Under the procedure announced last September individuals who have not filed but who owe $1,500 or less in tax are required to file tax returns for 3 years and the FBAR for 6 years and pay back taxes and penalties. If the IRS considers a person to be low risk (not defined) the filings are accepted and all prior years are forgiven. However, under the procedure, the IRS retains the right to criminally prosecute a person and also to require that prior year’s returns and FBAR’S be filed.

 

So for a person at the lower end of the economic scale who has not filed they face a difficult choice. By opting into the OVDP they knowingly will likely forfeit 27.5% of their lifetime savings, but they will likely stay out of prison.
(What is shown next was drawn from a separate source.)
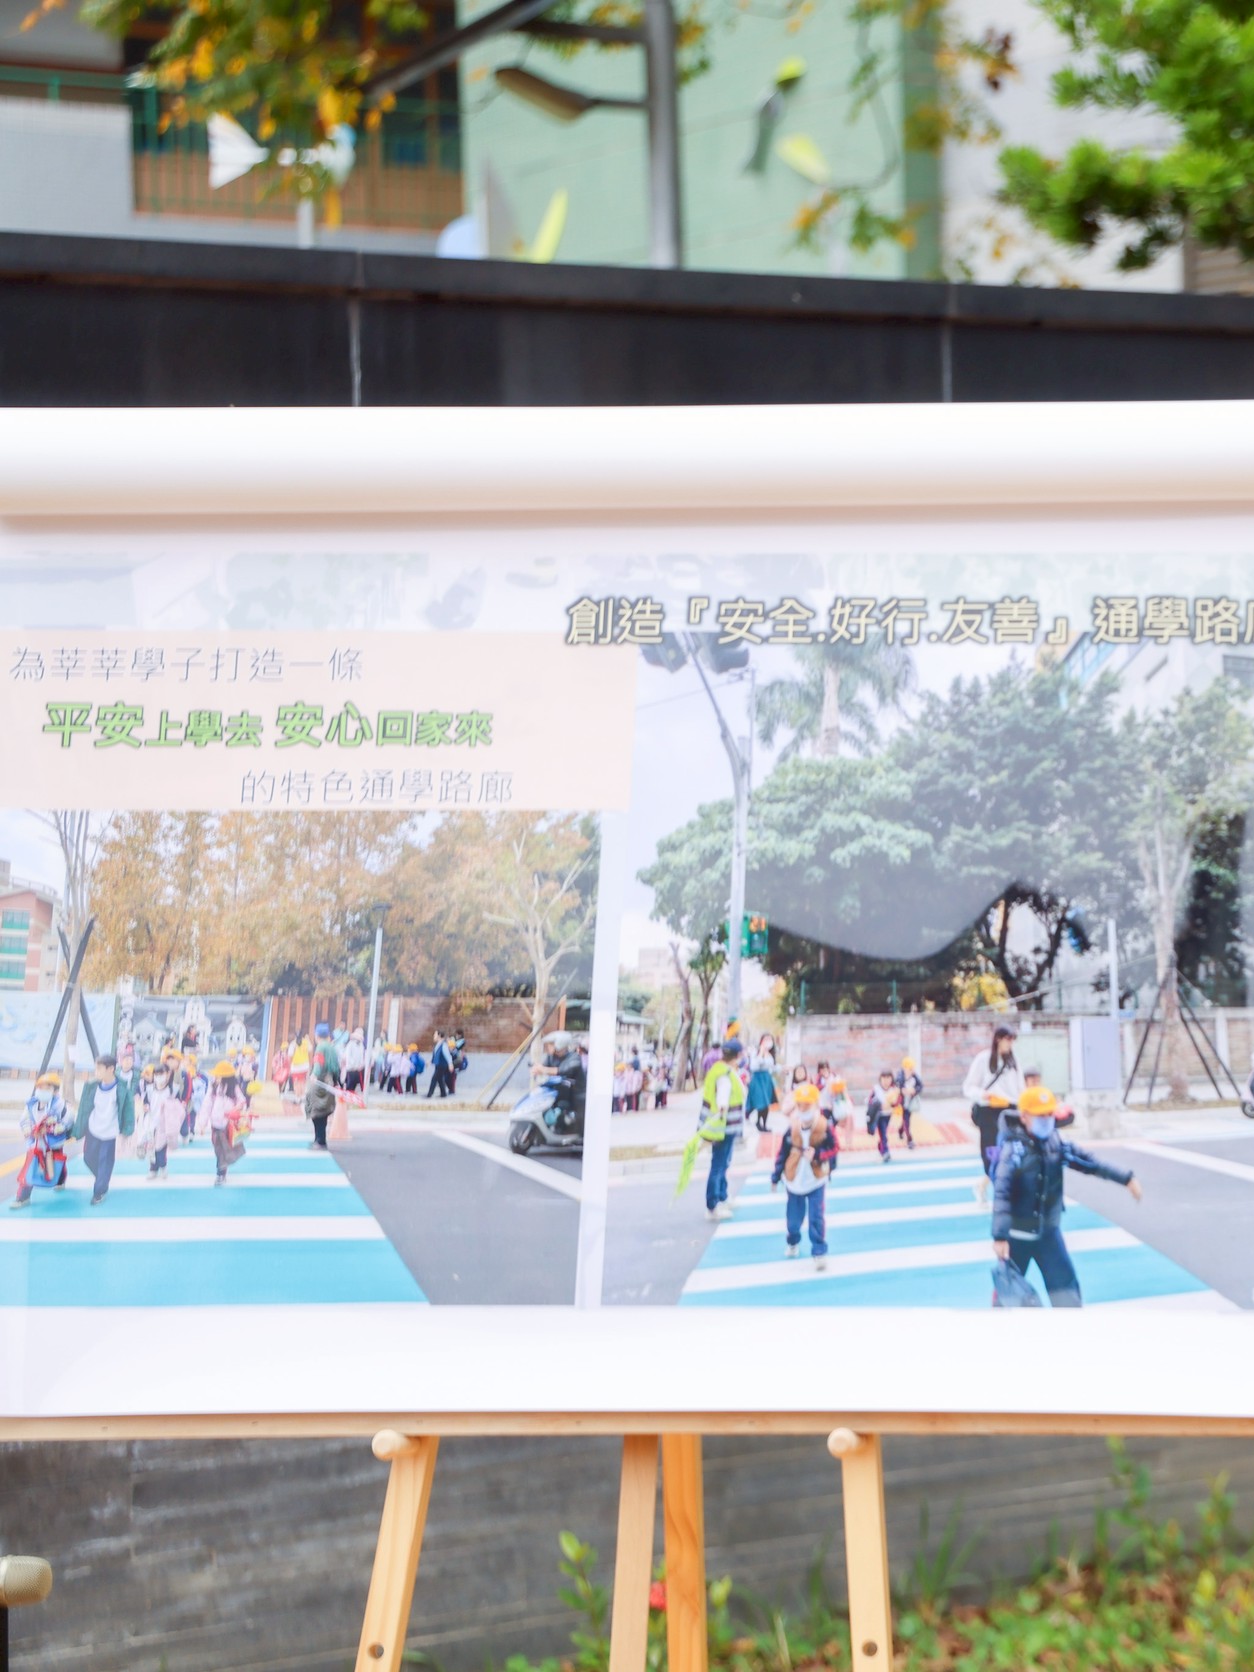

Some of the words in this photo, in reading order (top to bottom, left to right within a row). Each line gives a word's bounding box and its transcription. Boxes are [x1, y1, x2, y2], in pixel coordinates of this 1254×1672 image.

If they opt for the procedure, they gamble that the IRS will consider them a low risk, allow them to keep their lifetime savings and not send them prison or the IRS could take a larger portion of their lifetime savings and send them prison. This is clearly a difficult decision for a low income person who wants to become compliant with U.S. tax law.

 

What Happens If A Non-Filer Does Nothing?

 

With FATCA looming on the horizon, active audits of foreign banks increasing and a doubling of personnel resources at the international level the chances of being caught will greatly increase. The IRS is well aware of the fact that thousands of US citizens/residents living abroad do not file tax returns. The IRS through the Offshore Voluntary Disclosure Program, now in its 4th year, has given non-filers ample opportunity to become compliant.

 

Our experience has been that the IRS has no mercy on those that are caught. Seizure of assets and criminal prosecution are almost a given.

 

Pursuant to the requirements relating to practice before the Internal Revenue Service, any tax advice in this communication is not intended to be used, and cannot be used, for the purpose of (i) avoiding penalties imposed under the United States Internal Revenue Code, or (ii) promoting, marketing or recommending to another person any tax related manner.

 

The tax advice given by this column is, by necessity, general in nature. You should, of course, check with your own U.S. tax consultant as to how specific transactions affect you since tax advice varies with individual circumstances.